Giants quarterback Eli Manning instructs quarterback Geno Smith, left, during an OTA on Thursday, May 25, 2017, in East Rutherford, N.J. Credit: AP / Julio Cortez

The answer to one of the biggest mysteries of the Giants’ offseason has been solved. And it’s a bit anticlimactic.

The team’s quarterbacks have been wearing gloves on their left non-throwing hands during all of the OTA workouts over the past two and a half weeks, leaving many to wonder why.

Is it some kind of fashion statement? A preparation for the cold outdoor football games that loom in December and, maybe, January? Is it just a coincidence that three of the four passers — the veterans Eli Manning, Josh Johnson and Geno Smith — all wore the glove while rookie Davis Webb went bare-handed?

Quarterbacks coach Frank Cignetti Jr. said the answer is much more direct than any conspiracy theory floating around.

“It’s just not with the New York Giants but you look around the league and guys wear the glove on their non-throwing hand just to get more traction, more grip,” he said on Wednesday. “It’s as simple as that.”

Cignetti could not say if it works (“I’m not out there playing”) nor would he say whether Manning plans to wear the glove during regular season games (“You’d have to ask Eli”). He wouldn’t expand on the genesis of the idea, either.

“It’s just something that came up,” he said.

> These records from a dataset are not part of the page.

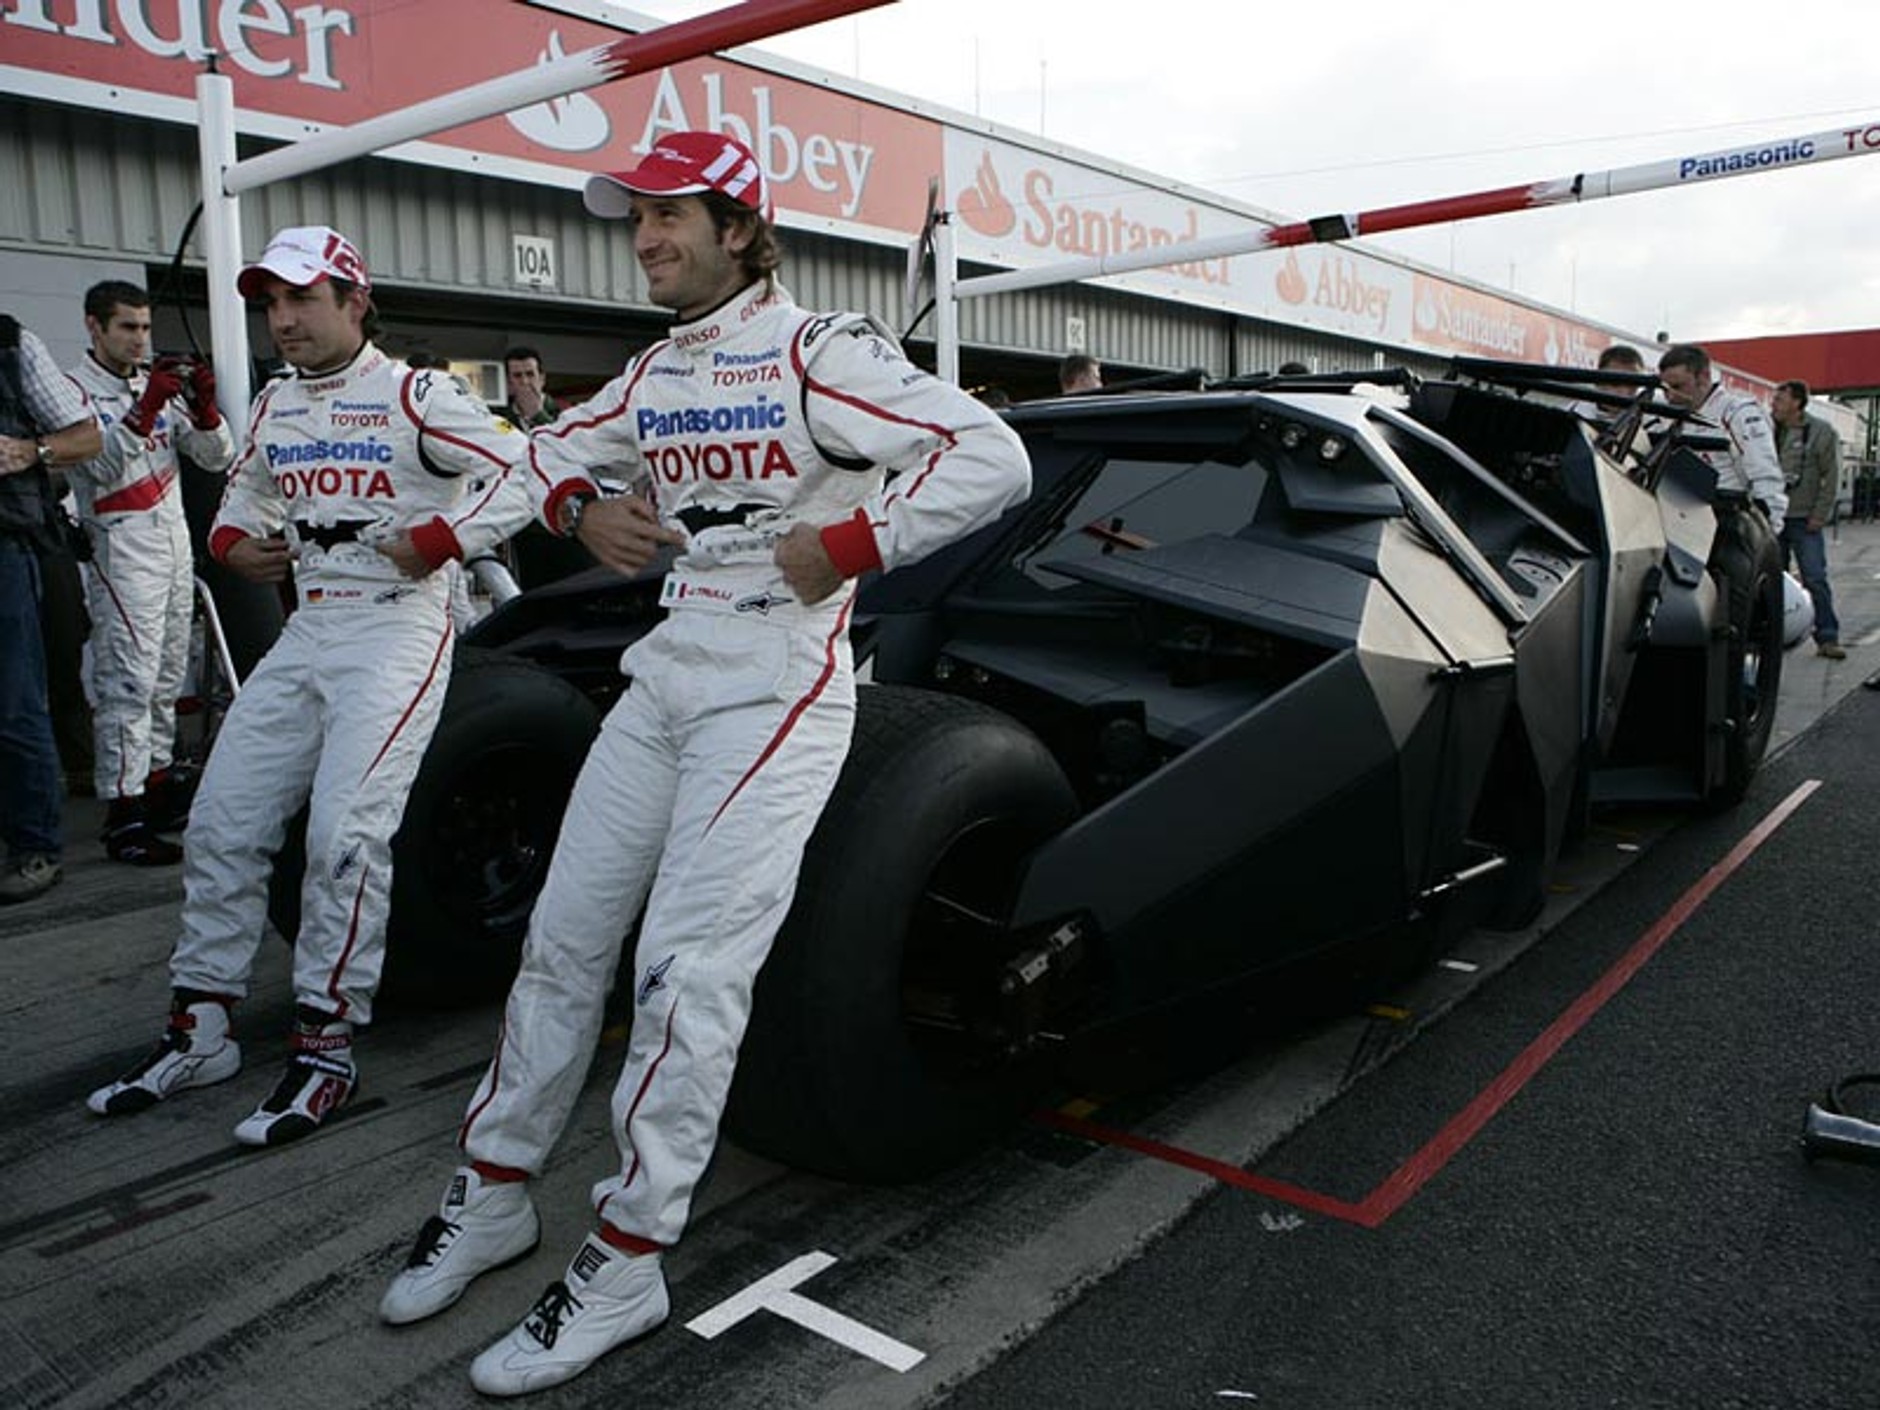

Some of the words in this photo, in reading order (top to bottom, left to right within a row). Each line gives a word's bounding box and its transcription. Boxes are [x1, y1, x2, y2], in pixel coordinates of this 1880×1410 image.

[632, 66, 873, 216] Abbey
[1680, 140, 1814, 179] Panasonic
[517, 244, 551, 277] 10A
[1313, 258, 1391, 331] Abbey
[674, 324, 721, 349] DENSO
[1440, 292, 1526, 356] Santander
[713, 346, 782, 367] Panasonic
[711, 364, 782, 387] TOYOTA
[329, 413, 390, 428] TOYOTA
[636, 395, 787, 440] Panasonic
[266, 437, 393, 468] Panasonic
[643, 440, 798, 485] TOYOTA

Certainly a glove on the left hand would not have much impact on throwing the football with the right hand, so it could be the seven fumbles, four of them lost, that Manning had in the pocket in 2016 led to the change. Whether it helps that area of his game or not remains to be seen.

Until then, only one great mystery remains in regard to the topic:

What becomes of all the unused right-handed gloves?